▸ **What is expected**:
Leave out the pictures, and retype the remaining data exactly.
== Data to use ==
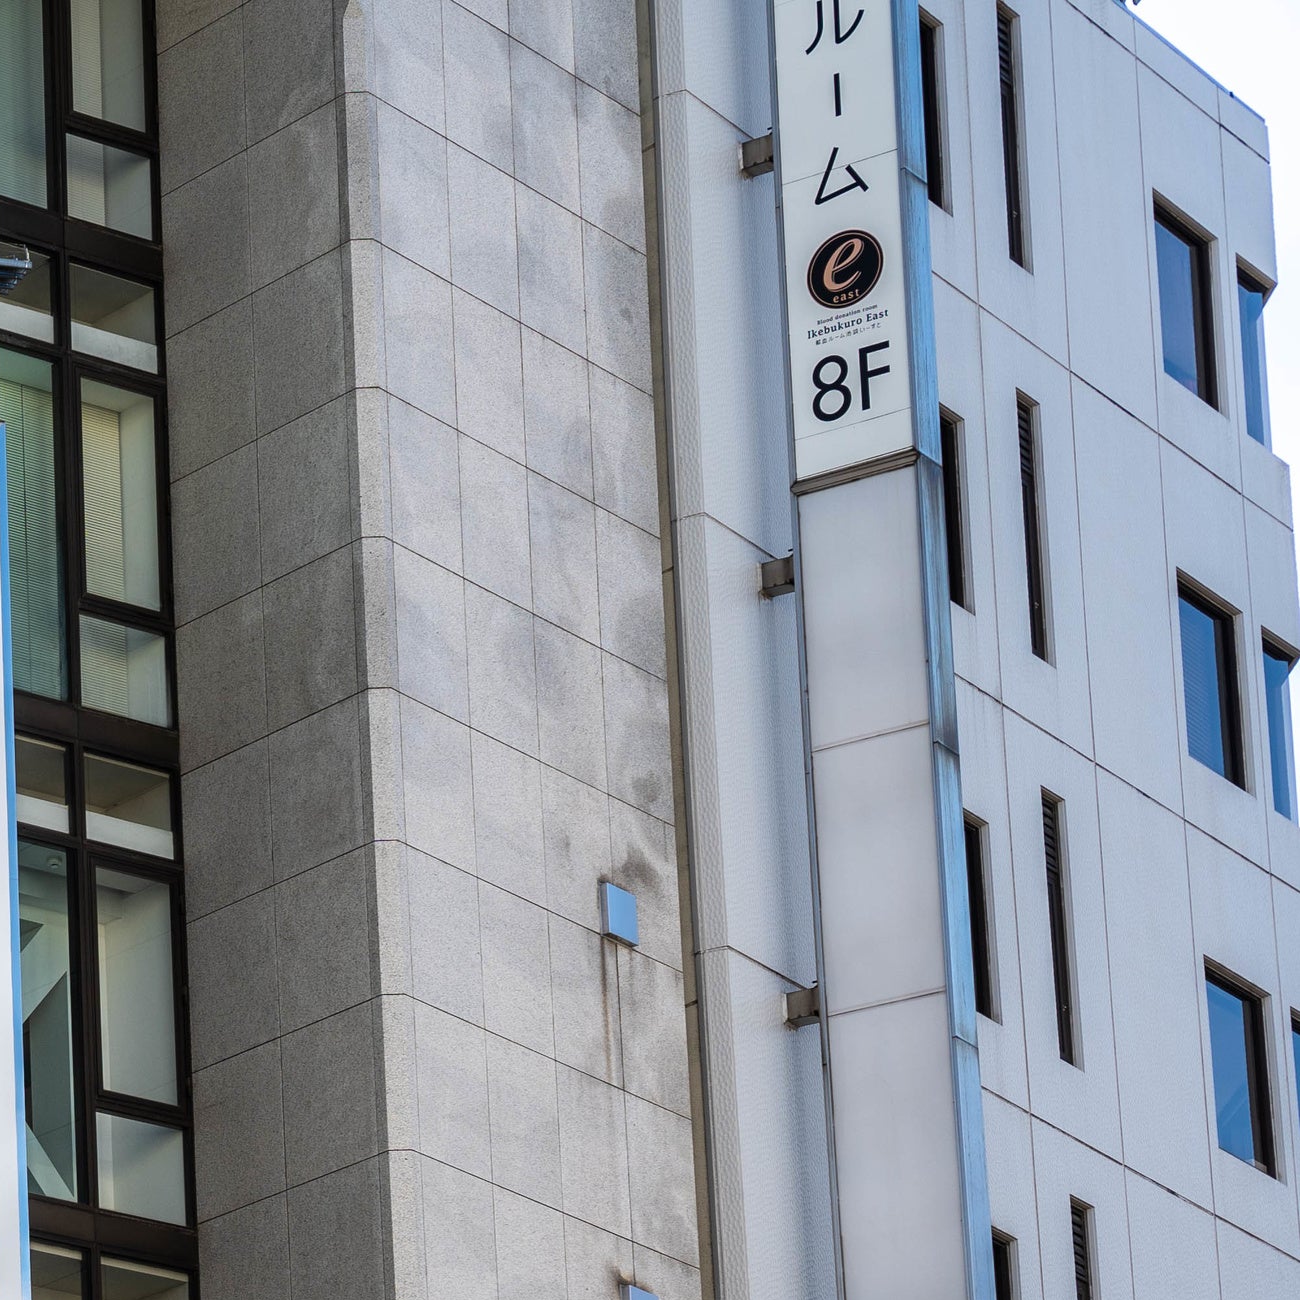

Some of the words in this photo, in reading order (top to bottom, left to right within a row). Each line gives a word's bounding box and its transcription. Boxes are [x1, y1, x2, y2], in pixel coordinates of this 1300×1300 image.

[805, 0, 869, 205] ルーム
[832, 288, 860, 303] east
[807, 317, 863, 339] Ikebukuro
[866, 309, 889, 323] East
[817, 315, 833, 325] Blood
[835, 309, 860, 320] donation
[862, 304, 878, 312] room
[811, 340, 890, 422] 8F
===
▸ **Answer box**:
Some of the words in this photo, in reading order (top to bottom, left to right within a row). Each line gives a word's bounding box and its transcription. Boxes are [x1, y1, x2, y2], in pixel coordinates of this 1300×1300 image.

[805, 0, 869, 205] ルーム
[832, 288, 860, 303] east
[807, 317, 863, 339] Ikebukuro
[866, 309, 889, 323] East
[817, 315, 833, 325] Blood
[835, 309, 860, 320] donation
[862, 304, 878, 312] room
[811, 340, 890, 422] 8F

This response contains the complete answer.